Selon M. Chevrette, malgré toute la pression qui sera exercée par les gouvernements Harper et Charest dans les prochaines semaines pour faire plier les compagnies, l'entente est condamnée à mourir si Ottawa refuse de retourner négocier. Il rappelle que l'industrie a une forme de droit de veto sur l'accord.
Une perspective qui ne semble pas ébranler le gouvernement conservateur, qui a maintenu la ligne dure hier. En entrevue avec la Presse canadienne et à RDI, le ministre de l'Industrie, Maxime Bernier, a soutenu que «le temps des négociations est terminé», faisant ainsi écho à une affirmation faite la veille au Devoir par une source bien placée au bureau du premier ministre Harper.
Le ministre Bernier a déclaré que «le texte respecte l'entente de principe qui avait été approuvée par l'industrie au mois d'avril dernier», ajoutant que «c'est un texte bonifié qui est très bon». Maxime Bernier a même soutenu que son gouvernement était prêt à aller en élections sur cette question. Rappelons que les trois partis d'opposition aux Communes sont en désaccord avec l'entente et envisagent cet automne de voter contre le projet de loi qui devra mettre en oeuvre le texte. Il s'agira d'un vote de confiance.

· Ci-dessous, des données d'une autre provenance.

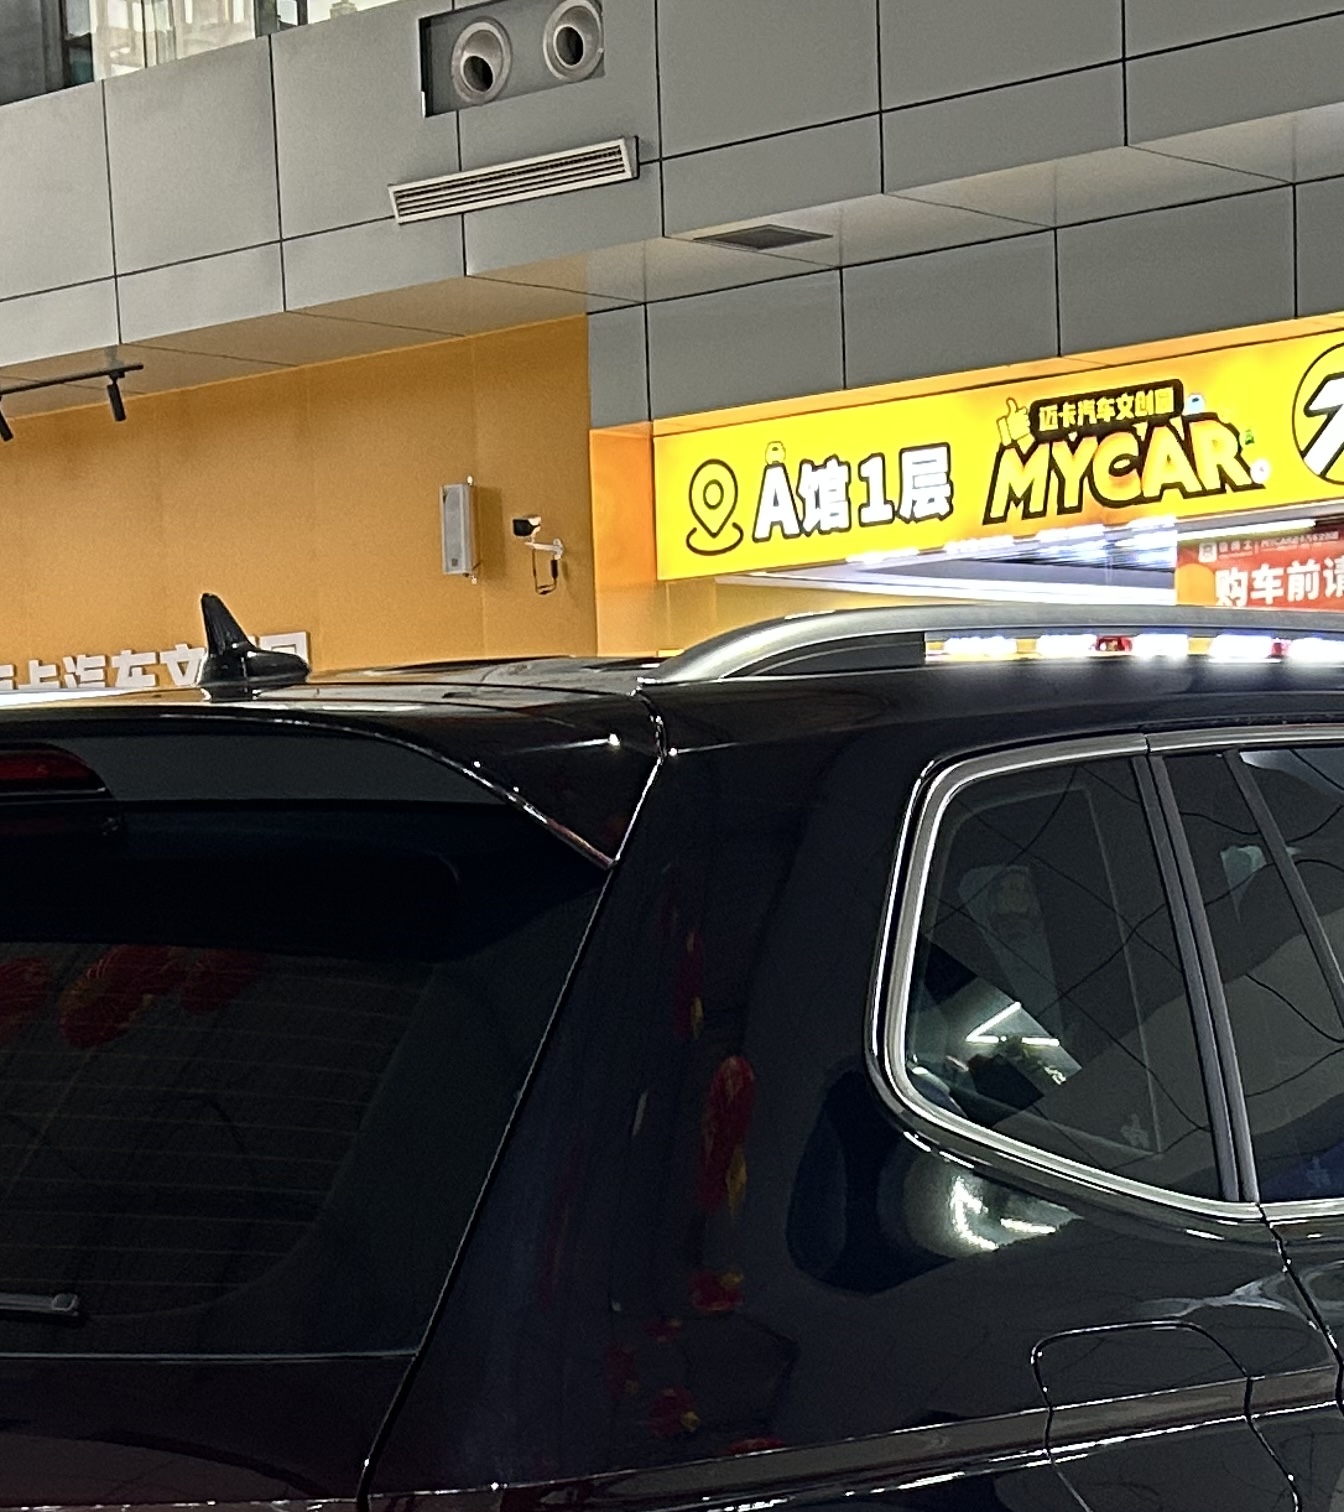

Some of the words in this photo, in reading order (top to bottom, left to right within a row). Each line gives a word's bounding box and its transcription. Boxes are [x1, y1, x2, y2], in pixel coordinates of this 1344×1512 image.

[1038, 387, 1174, 432] 迈卡汽车文创园
[753, 443, 953, 543] A馆1层
[984, 414, 1260, 524] MYCAR

L'affirmation du ministre Bernier a fait bondir le représentant de l'industrie québécoise du bois d'oeuvre. «Ce n'est tout simplement pas la même entente! Je le sais, c'est moi qui a reçu le texte de l'entente en avril et qui a présidé notre assemblée générale. Si on était d'accord à l'époque et qu'on est contre maintenant, c'est parce que ce n'est pas la même chose. Et je suis prêt à faire face à n'importe qui, que ce soit le premier ministre ou le ministre. Je suis prêt à en débattre à la télé s'il le faut», a répliqué Guy Chevrette, piqué au vif.
M. Chevrette soutient que la clause de terminaison, qui permet aux États-Unis de mettre fin à l'entente après seulement deux ans - plus une année de grâce -, n'était pas dans le texte en avril. Même situation pour le calcul des quotas d'exportation, qui devient mensuel. L'industrie québécoise exige plutôt un calcul sur trois mois, en raison des cycles très irréguliers du domaine de la construction. Le CIFQ veut aussi que l'entente soit valide pour un minimum de cinq ans. Deux demandes également énoncées par l'industrie de la Colombie-Britannique, qui rejette l'accord, tout comme l'Ontario et l'Alberta.

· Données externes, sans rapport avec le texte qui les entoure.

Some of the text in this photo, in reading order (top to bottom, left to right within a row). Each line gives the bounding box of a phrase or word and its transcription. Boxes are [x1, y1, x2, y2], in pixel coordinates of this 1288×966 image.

Guy Chevrette rappelle que les compagnies laissent sur la table un milliard des cinq milliards retenus par les États-Unis en droits punitifs. «On nous a dit: "une paix de sept ans, ça se paye, il faut laisser aller un de nos milliards". Mais là, on donne encore un milliard, sauf que la paix va être de deux ans. C'est cher payé.»
L'industrie canadienne est certaine que les Américains relanceront les hostilités dès que possible, comme ils le font depuis 30 ans. «C'est inévitable», affirme le vice-président exécutif et directeur général du Conseil du libre-échange pour le bois d'oeuvre, Carl Grenier. «On leur donne tellement dans cette entente que je vois mal pourquoi ils [les Américains] se priveraient de mettre fin à l'accord pour aller chercher plus.»
Ottawa inflexible
La position du gouvernement fédéral n'a «pas de sens» aux yeux de Guy Chevrette, surtout lorsqu'on la compare à celle de la Maison-Blanche, qui appuie sans nuances son industrie. «Tout le monde est contre à l'exception du gouvernement. Il négocie pour qui alors? Il négocie pour nous ou pour les Américains? On en vient à se poser des questions», lance-t-il, décochant au passage une flèche à Québec, «le seul gouvernement provincial qui n'appuie pas son industrie».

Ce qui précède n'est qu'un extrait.